On the other hand, a columnar database are organised by field, keeping all the data associated with a field next to each other. This property of columnar database is useful for OLAP workload. Most OLAP queries typically access only subset of the column but a large number of rows for those columns. Below is the diagram that shows how with columnar storage, the values for each column are stored sequentially into disk blocks.
DuckDB make use of two more optimisations:
- DuckDB uses vectorized data processing which helps develop faster analytical engines by making efficient utilisation of CPU cache. The main idea behind vectorized processing is to work on columns (or columnar data) and defer the materialization of values from multiple columns into tuples (or rows) till very late in the query plan — mostly when we need to project the resultset back to user.
- DuckDB uses Multi-version concurrency control to become ACID compliant.
DuckDB use cases
There are two important use cases for DuckDB as cited in the SIGMOD 2019 paper:
- Interactive data analysis: Many organisations are leveraging data scientists to make sense of the data so that they can take better business decisions. Today, the most popular way data scientists explore the data on their local environments is by writing Python or R code using libraries like Pandas, dplyr, etc. DuckDB gives another alternative to data scientists who want to use SQL for their local development work. SQLite does not shine here because it is slow for OLAP workloads and it does not have all the functions required for data analytics work.
- Edge computing: This use case is becoming popular with the rise of edge computing in the last couple of years.

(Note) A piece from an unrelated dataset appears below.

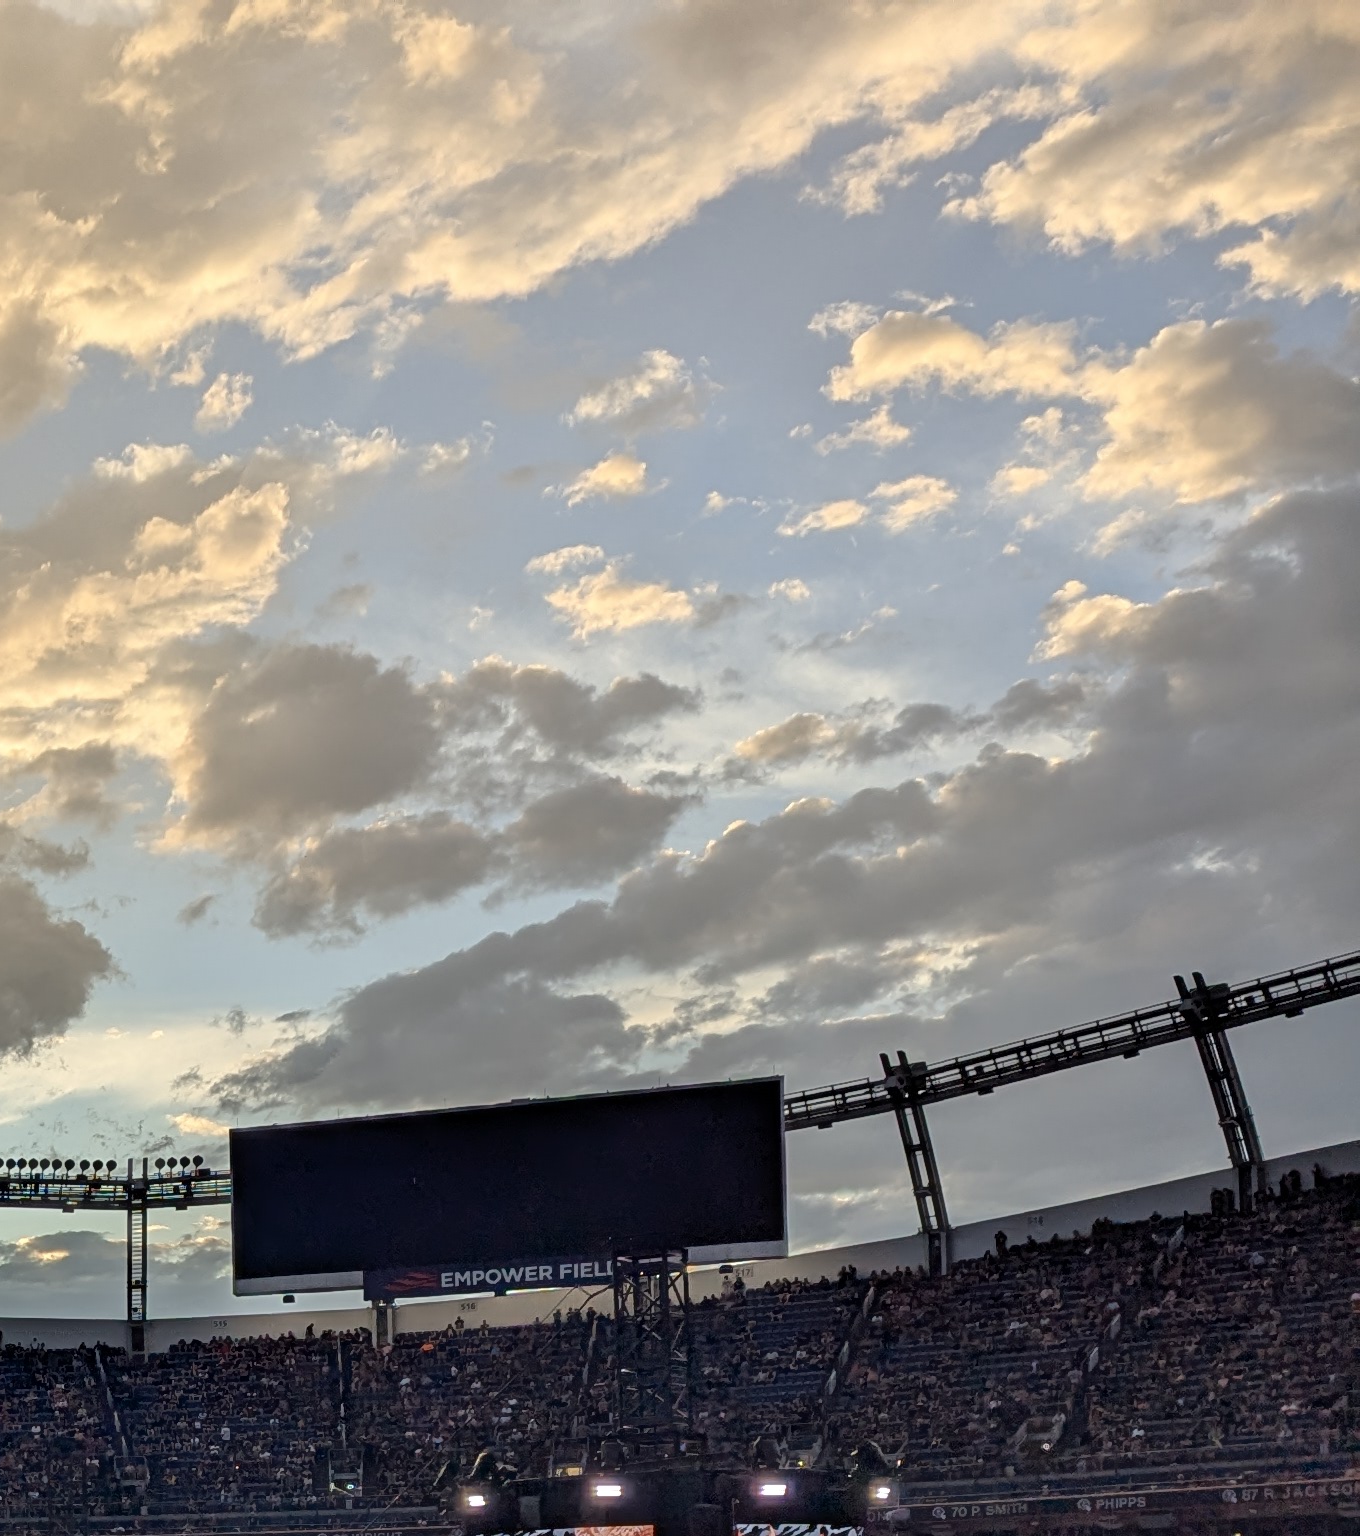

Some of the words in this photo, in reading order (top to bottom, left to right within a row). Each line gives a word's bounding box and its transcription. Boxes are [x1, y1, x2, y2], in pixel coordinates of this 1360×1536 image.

Edge computing is a distributed computing paradigm which brings computation and data storage closer to the location where it is needed, to improve response times and save bandwidth. With embeddable database like DuckDB data can be analysed on the edge giving better results faster.

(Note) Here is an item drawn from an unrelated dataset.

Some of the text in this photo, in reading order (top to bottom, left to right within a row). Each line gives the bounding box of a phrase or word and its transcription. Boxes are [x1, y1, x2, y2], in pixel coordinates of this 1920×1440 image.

DuckDB in Action with Python
The first thing you need to is to install duckdb library using pip
pip install duckdb
Now, we will write code to load data from CSV into a table. I am using a dummy sales data that I downloaded from this link.
import duckdb conn = duckdb.connect('sales.duckdb') cursor = conn.cursor() cursor.execute(""" CREATE TABLE sales( Transaction_date date ,Product varchar ,Price bigint ,Payment_Type varchar ,Name varchar ,City varchar ,State varchar ,Country varchar ,Account_Created varchar ,Last_Login varchar ,Latitude double ,Longitude double ) """ ) cursor.execute("COPY sales FROM 'sales.csv' (HEADER)") print(cursor.execute('select count(*) from sales').fetchall()) cursor.close() conn.close()
In the code snippet shown above, we connected to database and executed few queries. First, we created a sales table, them we copied data from CSV file into the table, and finally we made a count query.
If you run this script, you will see output as shown below.
(venv) ➜ duckdb python app.py []
sales.csv has 998 records.
We can execute group by queries as well.
query = "select city, sum(price) from sales group by city" print(cursor.execute(query).fetchdf())
The above will return a data frame as shown below.
city sum(price) 0 Prince Albert 3600 1 Kobenhavn 1200 2 Belleville 1200 3 Aardal 1200 4 Den Haag 19500 .. ... ... 754 Fort Saint James 1200 755 Mettlach 1200 756 Bergen 2400 757 Billings 1200 758 Norcross 1200 [759 rows x 2 columns]
We can also execute aggregation queries like shown below.
SELECT MIN(cnt), AVG(cnt),MAX(cnt) FROM (select count(*) as cnt FROM sales GROUP BY EXTRACT(DOY FROM Transaction_date::DATE), EXTRACT(HOUR FROM Transaction_date) ) stats
DuckDB is an interesting database from CWI Database Architectures Group. It solves a pain area that developers in data analytics face. I think it is a useful addition to data analyst toolbox.